The major hyperscalers spent 2023 and early 2024 in a GPU capacity crunch. Nvidia's H100 backlog stretched to 6-12 months for some customers. The hyperscalers consumed most of the production capacity to stock their own data centres. This is why they built customer-facing GPU cluster products: to give developers access to hardware they could not buy themselves.
For example, a single Nvidia H100 GPU can cost upwards of 30000 dollars, which is a significant investment for many companies. In contrast, hyperscalers can negotiate better prices due to their massive scale, with some estimates suggesting they pay around 15000 dollars per unit. This economy of scale allows them to offer competitive pricing for their GPU cluster products, making it more attractive for developers to use their services.
All three clouds have custom AI accelerators in production. Google's TPUs have been in use since 2016 and power Gemini inference at scale. AWS Trainium and Inferentia are designed for training and inference respectively, with pricing structured to undercut Nvidia-based instances for sustained workloads. Azure's Maia 100 chip and its Cobalt ARM CPU are now in production.
Custom silicon gives hyperscalers control over their cost per token, which determines AI product economics. This is the long game for the hyperscalers.

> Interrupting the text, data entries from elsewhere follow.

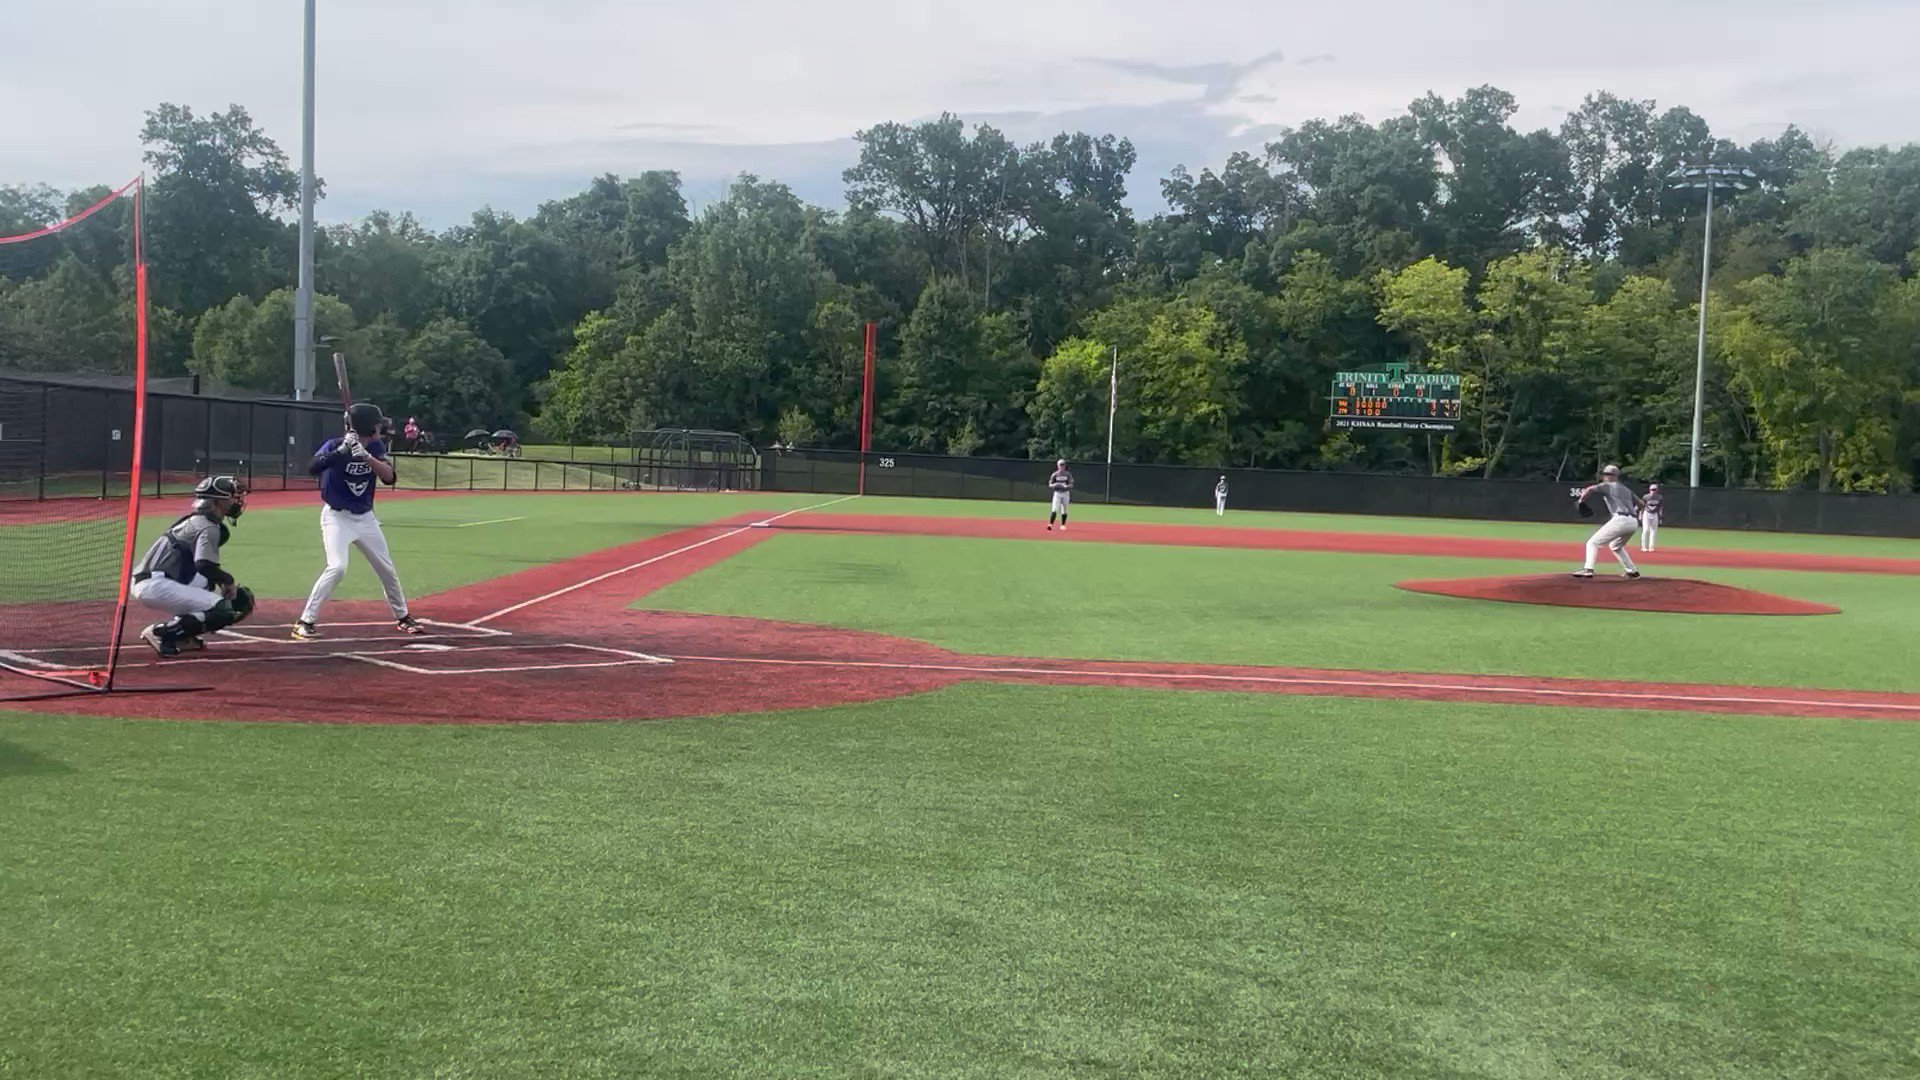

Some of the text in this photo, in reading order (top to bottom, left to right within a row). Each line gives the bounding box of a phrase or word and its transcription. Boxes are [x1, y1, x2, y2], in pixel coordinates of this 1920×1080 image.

[1337, 373, 1459, 384] TRINITY STADIUM
[879, 457, 894, 467] 325
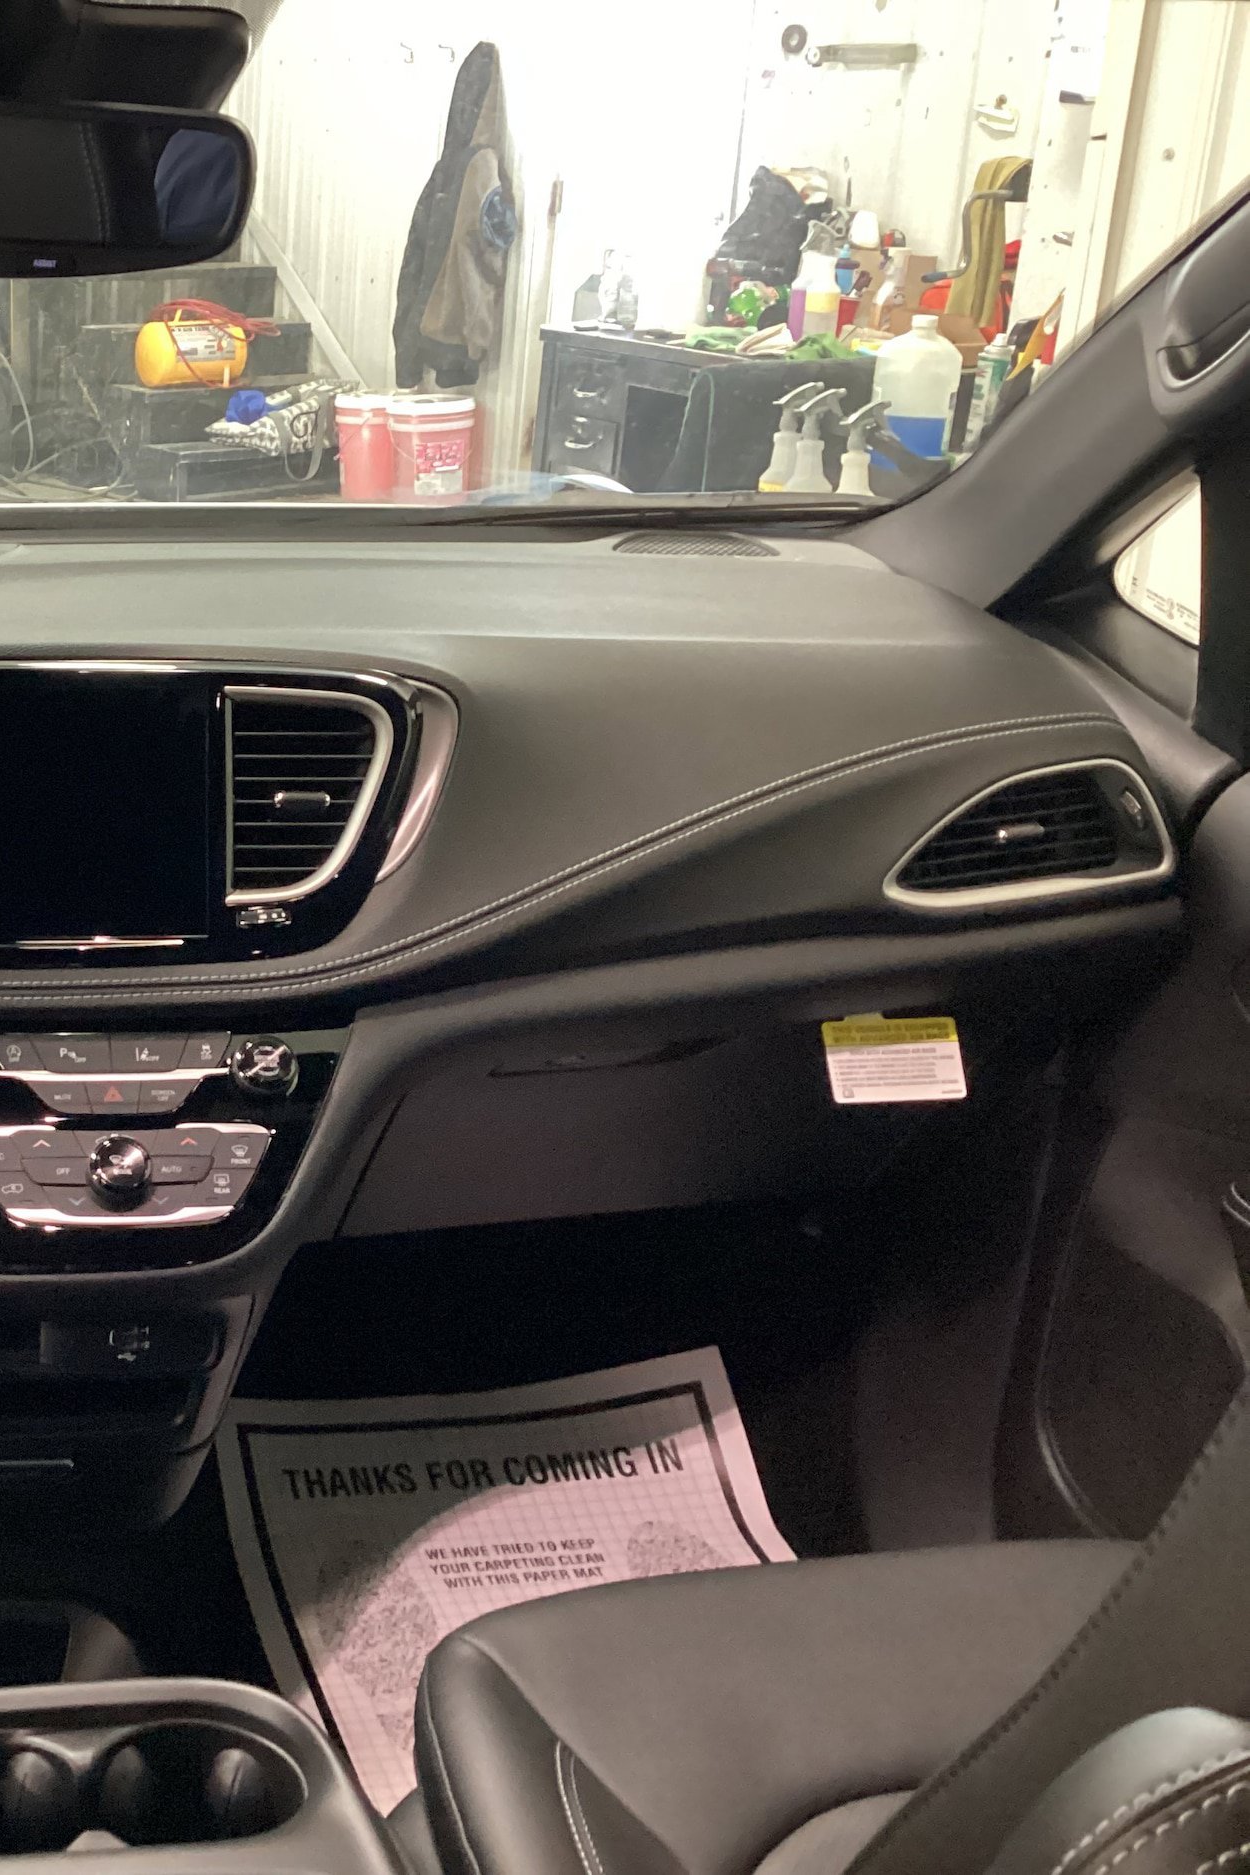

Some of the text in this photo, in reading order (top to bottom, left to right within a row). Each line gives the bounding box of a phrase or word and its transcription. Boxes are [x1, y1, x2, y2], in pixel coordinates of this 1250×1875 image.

[56, 1167, 71, 1175] OFF
[161, 1165, 183, 1173] AUTO
[281, 1438, 684, 1500] THANKS FOR COMING IN
[425, 1538, 595, 1560] WE HAVE TRIED TO KEEP
[430, 1553, 606, 1575] YOUR CARPETING CLEAN
[443, 1566, 604, 1589] WITH THIS PAPER MAT

To achieve this, they have invested heavily in research and development, with Google's TPU team, for instance, comprising hundreds of engineers and researchers. The payoff is significant, with custom silicon allowing hyperscalers to optimize their AI workloads for specific tasks, such as natural language processing or computer vision.

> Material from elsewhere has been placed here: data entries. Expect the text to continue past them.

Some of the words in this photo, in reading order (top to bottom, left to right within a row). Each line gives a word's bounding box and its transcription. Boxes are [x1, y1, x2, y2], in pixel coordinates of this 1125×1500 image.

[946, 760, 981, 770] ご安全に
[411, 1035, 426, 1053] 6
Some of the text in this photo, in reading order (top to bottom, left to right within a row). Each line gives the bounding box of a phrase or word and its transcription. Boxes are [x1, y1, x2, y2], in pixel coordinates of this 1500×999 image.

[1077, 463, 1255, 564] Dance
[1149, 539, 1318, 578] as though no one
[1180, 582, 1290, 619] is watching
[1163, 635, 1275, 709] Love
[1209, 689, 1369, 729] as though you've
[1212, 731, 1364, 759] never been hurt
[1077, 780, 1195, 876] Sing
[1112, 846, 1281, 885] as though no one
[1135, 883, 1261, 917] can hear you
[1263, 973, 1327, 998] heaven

Training large models requires moving hundreds of terabytes between GPUs thousands of times per run. The networking fabric connecting GPUs matters as much as the GPUs themselves. Google's Tensor Processing Unit pods use custom high-bandwidth interconnects. AWS uses Elastic Fabric Adapter and custom network switching. Azure's Eagle network and InfiniBand clusters are purpose-built for distributed training. For instance, AWS's Elastic Fabric Adapter can deliver up to 400 Gbps of bandwidth, which is significantly higher than traditional networking solutions.
This is not commodity data centre networking. It is a custom infrastructure layer that took years to build and is very hard to replicate. In fact, building a similar infrastructure would require significant investment in both hardware and software, with some estimates suggesting it could cost tens of millions of dollars. Furthermore, the complexity of managing such a system is extremely high, requiring specialized teams with expertise in areas such as distributed systems and high-performance computing.
The infrastructure gap between hyperscalers and on-premises is growing. The cost and complexity of building the GPU clusters, custom networking, and custom silicon that power competitive AI workloads is beyond most enterprises. According to a recent survey, over 70 percent of companies have abandoned their on-premises AI initiatives due to the high costs and complexity involved, opting instead to use cloud-based services from hyperscalers.
The hyperscaler model of renting this infrastructure is becoming more compelling, not less, as AI workloads grow. The strategic question is no longer whether to use cloud for AI but which cloud's specific AI infrastructure investments align with your stack. Companies such as Hugging Face and Stability AI have already made the switch, leveraging hyperscalers' infrastructure to build and deploy their AI models, and achieving significant cost savings and improved performance as a result.